Comparison of BacT/Alert microbial detection system with conventional blood culture method in neonatal sepsis
25 February 2007
01 August 2007
28 July 2015 (online)
Blood culture remains the gold standard for diagnosing neonatal septicemia. Although automated continuous monitoring blood culture systems have generally been shown to be superior to conventional manual systems, there are few data relating to their use specifically in neonates. The aim of this study was to compare the manual method of blood culture with an automated BacT/Alert 3D system for detection of neonatal septicemia in terms of rate of recovery of pathogens and time to positivity. One hundred and one matched pairs of blood culture specimens from patients on a neonatal intensive care unit were evaluated by the two methods. The yield of significant pathogens with the BacT/Alert 3D system was 45.5%, compared with 18.8% with the manual method (P < 0.0001).
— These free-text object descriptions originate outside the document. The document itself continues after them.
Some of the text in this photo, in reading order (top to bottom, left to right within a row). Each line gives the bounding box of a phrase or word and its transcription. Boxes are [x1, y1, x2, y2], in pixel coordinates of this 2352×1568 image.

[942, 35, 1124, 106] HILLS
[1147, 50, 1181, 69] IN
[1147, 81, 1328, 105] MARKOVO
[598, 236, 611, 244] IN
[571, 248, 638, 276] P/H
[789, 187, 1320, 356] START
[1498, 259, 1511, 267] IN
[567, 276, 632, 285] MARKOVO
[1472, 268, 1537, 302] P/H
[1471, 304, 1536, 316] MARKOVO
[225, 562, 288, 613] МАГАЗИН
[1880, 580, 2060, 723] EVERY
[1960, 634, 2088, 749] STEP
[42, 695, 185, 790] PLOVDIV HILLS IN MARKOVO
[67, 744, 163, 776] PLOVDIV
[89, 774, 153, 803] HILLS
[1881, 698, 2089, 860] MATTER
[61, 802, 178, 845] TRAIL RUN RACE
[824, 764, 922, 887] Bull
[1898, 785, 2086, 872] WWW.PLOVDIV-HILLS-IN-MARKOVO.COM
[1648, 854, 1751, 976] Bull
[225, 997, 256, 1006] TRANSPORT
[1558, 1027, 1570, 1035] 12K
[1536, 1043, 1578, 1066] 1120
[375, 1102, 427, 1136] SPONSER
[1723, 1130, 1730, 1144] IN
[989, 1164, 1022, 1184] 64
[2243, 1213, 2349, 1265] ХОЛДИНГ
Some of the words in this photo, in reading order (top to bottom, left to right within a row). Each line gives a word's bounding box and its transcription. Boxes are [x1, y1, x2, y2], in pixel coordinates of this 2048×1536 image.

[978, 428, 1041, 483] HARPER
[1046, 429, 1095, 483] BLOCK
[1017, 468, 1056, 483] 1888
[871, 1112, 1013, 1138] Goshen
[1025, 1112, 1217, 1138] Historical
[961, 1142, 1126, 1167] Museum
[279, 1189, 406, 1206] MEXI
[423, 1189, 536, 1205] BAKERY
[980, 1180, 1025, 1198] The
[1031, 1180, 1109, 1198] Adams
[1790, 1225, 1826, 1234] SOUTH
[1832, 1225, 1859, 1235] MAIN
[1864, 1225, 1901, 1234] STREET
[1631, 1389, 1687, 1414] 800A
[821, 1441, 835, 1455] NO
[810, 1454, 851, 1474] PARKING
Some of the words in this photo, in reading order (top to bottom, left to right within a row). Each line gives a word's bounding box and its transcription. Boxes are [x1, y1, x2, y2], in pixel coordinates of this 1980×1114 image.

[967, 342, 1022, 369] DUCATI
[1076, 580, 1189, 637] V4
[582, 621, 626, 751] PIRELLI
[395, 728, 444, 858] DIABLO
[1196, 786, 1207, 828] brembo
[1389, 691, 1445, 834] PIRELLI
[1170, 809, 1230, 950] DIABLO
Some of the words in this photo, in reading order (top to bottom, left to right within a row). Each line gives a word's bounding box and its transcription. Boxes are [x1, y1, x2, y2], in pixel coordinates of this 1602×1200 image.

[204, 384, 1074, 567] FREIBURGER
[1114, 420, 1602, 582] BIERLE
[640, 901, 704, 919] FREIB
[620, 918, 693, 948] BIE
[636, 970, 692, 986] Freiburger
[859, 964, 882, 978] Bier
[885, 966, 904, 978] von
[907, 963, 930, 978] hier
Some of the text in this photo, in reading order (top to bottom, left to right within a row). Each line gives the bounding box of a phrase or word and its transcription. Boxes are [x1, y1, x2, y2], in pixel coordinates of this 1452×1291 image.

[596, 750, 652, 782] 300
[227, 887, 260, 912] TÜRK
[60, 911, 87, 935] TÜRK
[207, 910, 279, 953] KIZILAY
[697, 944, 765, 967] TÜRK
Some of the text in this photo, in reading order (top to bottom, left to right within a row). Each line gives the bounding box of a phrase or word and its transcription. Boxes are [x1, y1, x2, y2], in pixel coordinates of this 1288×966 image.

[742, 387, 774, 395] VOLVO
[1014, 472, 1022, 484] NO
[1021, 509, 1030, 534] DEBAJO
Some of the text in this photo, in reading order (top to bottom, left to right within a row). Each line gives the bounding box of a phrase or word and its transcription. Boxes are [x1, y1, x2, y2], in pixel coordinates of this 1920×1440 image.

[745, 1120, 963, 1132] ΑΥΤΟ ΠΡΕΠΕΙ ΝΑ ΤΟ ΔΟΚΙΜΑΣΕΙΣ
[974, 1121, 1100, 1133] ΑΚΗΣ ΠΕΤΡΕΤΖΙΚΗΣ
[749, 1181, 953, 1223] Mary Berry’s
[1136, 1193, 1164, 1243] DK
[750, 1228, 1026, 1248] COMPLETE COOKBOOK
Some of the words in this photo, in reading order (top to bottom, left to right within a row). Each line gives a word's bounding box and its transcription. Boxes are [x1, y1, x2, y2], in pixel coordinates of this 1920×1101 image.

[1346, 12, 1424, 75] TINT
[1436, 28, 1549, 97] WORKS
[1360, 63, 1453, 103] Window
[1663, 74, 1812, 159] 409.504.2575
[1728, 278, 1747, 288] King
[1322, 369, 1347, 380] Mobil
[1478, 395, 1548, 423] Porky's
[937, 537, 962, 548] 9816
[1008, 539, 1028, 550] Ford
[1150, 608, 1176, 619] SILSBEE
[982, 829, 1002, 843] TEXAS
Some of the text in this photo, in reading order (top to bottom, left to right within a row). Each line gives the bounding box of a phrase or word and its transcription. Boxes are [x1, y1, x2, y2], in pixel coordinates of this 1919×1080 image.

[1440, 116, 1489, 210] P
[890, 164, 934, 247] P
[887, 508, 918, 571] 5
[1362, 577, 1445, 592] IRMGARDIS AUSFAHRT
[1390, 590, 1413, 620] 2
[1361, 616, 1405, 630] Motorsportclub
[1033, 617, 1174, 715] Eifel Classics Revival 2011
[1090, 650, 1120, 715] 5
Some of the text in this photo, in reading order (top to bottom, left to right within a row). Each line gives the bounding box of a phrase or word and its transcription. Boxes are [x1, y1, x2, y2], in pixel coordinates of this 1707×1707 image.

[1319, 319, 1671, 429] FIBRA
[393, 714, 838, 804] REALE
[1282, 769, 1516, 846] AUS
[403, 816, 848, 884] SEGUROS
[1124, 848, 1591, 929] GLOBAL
Moreover, streptococci, which are important neonatal pathogens, were detected exclusively with the automated system. The median time to positivity with the automated system was 11.5 h, compared with 24 h for the manual system. The BacT/Alert 3D system offers more sensitive and rapid detection of neonatal septicemia than a manual blood culture method. The clinical benefits of this may justify the additional cost of automated blood culture systems in developing countries where manual systems currently remain commonplace.